-- TO DO --
For the records that follow, restate each one word for word and leave the images behind.

━━ SUPPLIED RECORDS

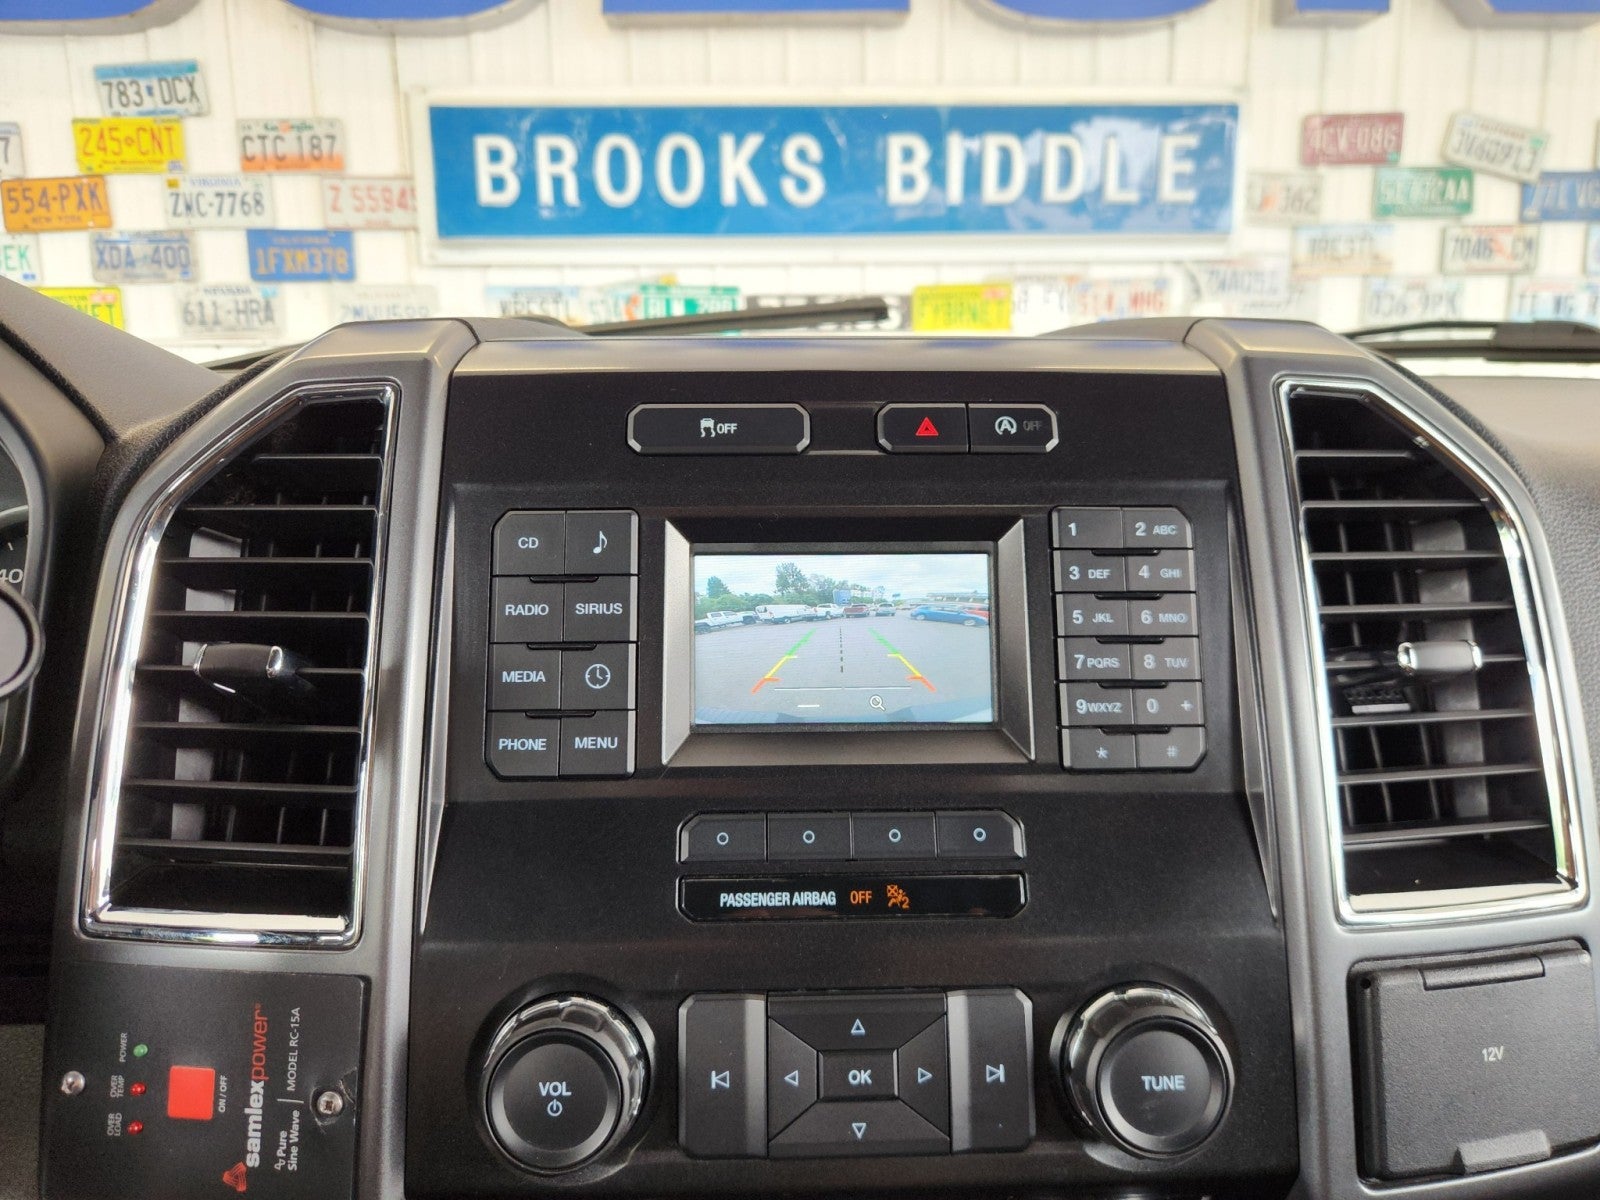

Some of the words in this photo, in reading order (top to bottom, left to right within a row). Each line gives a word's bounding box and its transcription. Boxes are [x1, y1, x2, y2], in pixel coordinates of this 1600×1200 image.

[102, 79, 144, 109] 783
[158, 75, 200, 106] DCX
[473, 132, 826, 209] BROOKS
[885, 130, 1200, 207] BIDDLE
[717, 423, 738, 435] OFF
[1068, 522, 1078, 537] 1
[1135, 521, 1147, 537] 2
[1152, 524, 1178, 535] ABC
[518, 537, 539, 549] CD
[1068, 565, 1081, 580] 3
[1087, 568, 1111, 579] DEF
[1138, 565, 1150, 579] 4
[1159, 568, 1182, 579] GHI
[505, 604, 549, 616] RADIO
[575, 603, 623, 615] SIRIUS
[1072, 609, 1084, 624] 5
[1092, 613, 1115, 623] JKL
[1140, 609, 1153, 624] 6
[1158, 613, 1188, 623] MNO
[1074, 654, 1086, 669] 7
[1087, 657, 1121, 669] PQRS
[1143, 654, 1157, 669] 8
[1164, 657, 1189, 668] TUV
[502, 671, 546, 683] MEDIA
[1076, 699, 1087, 714] 9
[1087, 702, 1123, 713] WXYZ
[1146, 698, 1159, 713] 0
[499, 738, 547, 750] PHONE
[574, 737, 618, 749] MENU
[720, 892, 790, 907] PASSENGER
[792, 891, 836, 905] AIRBAG
[850, 890, 872, 904] OFF
[289, 1007, 300, 1047] RC-15A
[119, 1032, 128, 1063] POWER
[1481, 1046, 1504, 1062] 12V
[286, 1049, 298, 1092] MODEL
[848, 1070, 873, 1085] OK
[110, 1075, 118, 1098] OVER
[117, 1075, 125, 1098] TEMP
[220, 1075, 228, 1092] OFF
[539, 1081, 571, 1097] VOL
[1141, 1075, 1185, 1091] TUNE
[218, 1099, 226, 1113] ON
[107, 1113, 115, 1136] OVER
[114, 1113, 123, 1136] LOAD
[289, 1109, 300, 1144] Wave
[277, 1130, 288, 1157] Pure
[287, 1146, 298, 1171] Sine
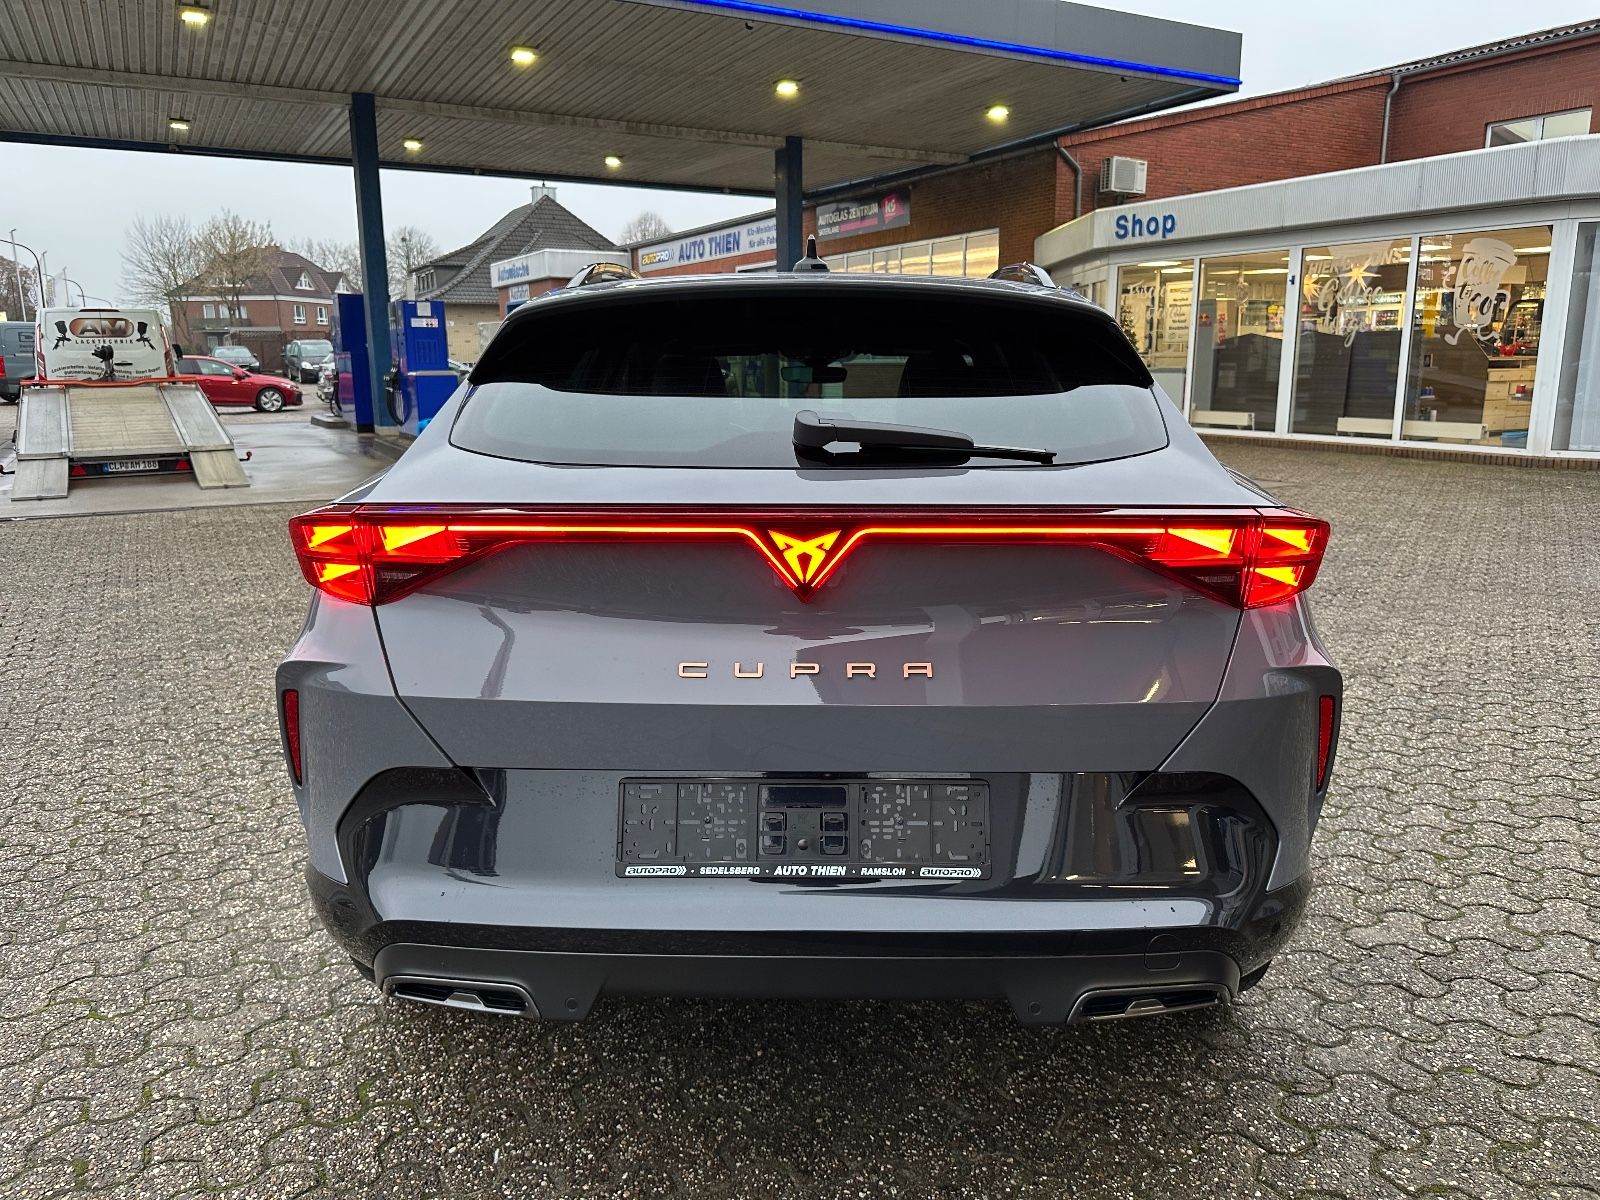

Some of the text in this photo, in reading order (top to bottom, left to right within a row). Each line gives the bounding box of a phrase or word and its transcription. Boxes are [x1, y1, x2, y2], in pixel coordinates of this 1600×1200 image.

━━━━

-- RESULT OF THIS TASK --
Some of the words in this photo, in reading order (top to bottom, left to right within a row). Each line gives a word's bounding box and its transcription. Boxes are [x1, y1, x2, y2], in pixel coordinates of this 1600×1200 image.

[102, 79, 144, 109] 783
[158, 75, 200, 106] DCX
[473, 132, 826, 209] BROOKS
[885, 130, 1200, 207] BIDDLE
[717, 423, 738, 435] OFF
[1068, 522, 1078, 537] 1
[1135, 521, 1147, 537] 2
[1152, 524, 1178, 535] ABC
[518, 537, 539, 549] CD
[1068, 565, 1081, 580] 3
[1087, 568, 1111, 579] DEF
[1138, 565, 1150, 579] 4
[1159, 568, 1182, 579] GHI
[505, 604, 549, 616] RADIO
[575, 603, 623, 615] SIRIUS
[1072, 609, 1084, 624] 5
[1092, 613, 1115, 623] JKL
[1140, 609, 1153, 624] 6
[1158, 613, 1188, 623] MNO
[1074, 654, 1086, 669] 7
[1087, 657, 1121, 669] PQRS
[1143, 654, 1157, 669] 8
[1164, 657, 1189, 668] TUV
[502, 671, 546, 683] MEDIA
[1076, 699, 1087, 714] 9
[1087, 702, 1123, 713] WXYZ
[1146, 698, 1159, 713] 0
[499, 738, 547, 750] PHONE
[574, 737, 618, 749] MENU
[720, 892, 790, 907] PASSENGER
[792, 891, 836, 905] AIRBAG
[850, 890, 872, 904] OFF
[289, 1007, 300, 1047] RC-15A
[119, 1032, 128, 1063] POWER
[1481, 1046, 1504, 1062] 12V
[286, 1049, 298, 1092] MODEL
[848, 1070, 873, 1085] OK
[110, 1075, 118, 1098] OVER
[117, 1075, 125, 1098] TEMP
[220, 1075, 228, 1092] OFF
[539, 1081, 571, 1097] VOL
[1141, 1075, 1185, 1091] TUNE
[218, 1099, 226, 1113] ON
[107, 1113, 115, 1136] OVER
[114, 1113, 123, 1136] LOAD
[289, 1109, 300, 1144] Wave
[277, 1130, 288, 1157] Pure
[287, 1146, 298, 1171] Sine

Some of the text in this photo, in reading order (top to bottom, left to right within a row). Each line gives the bounding box of a phrase or word and its transcription. Boxes are [x1, y1, x2, y2], in pixel coordinates of this 1600×1200 image.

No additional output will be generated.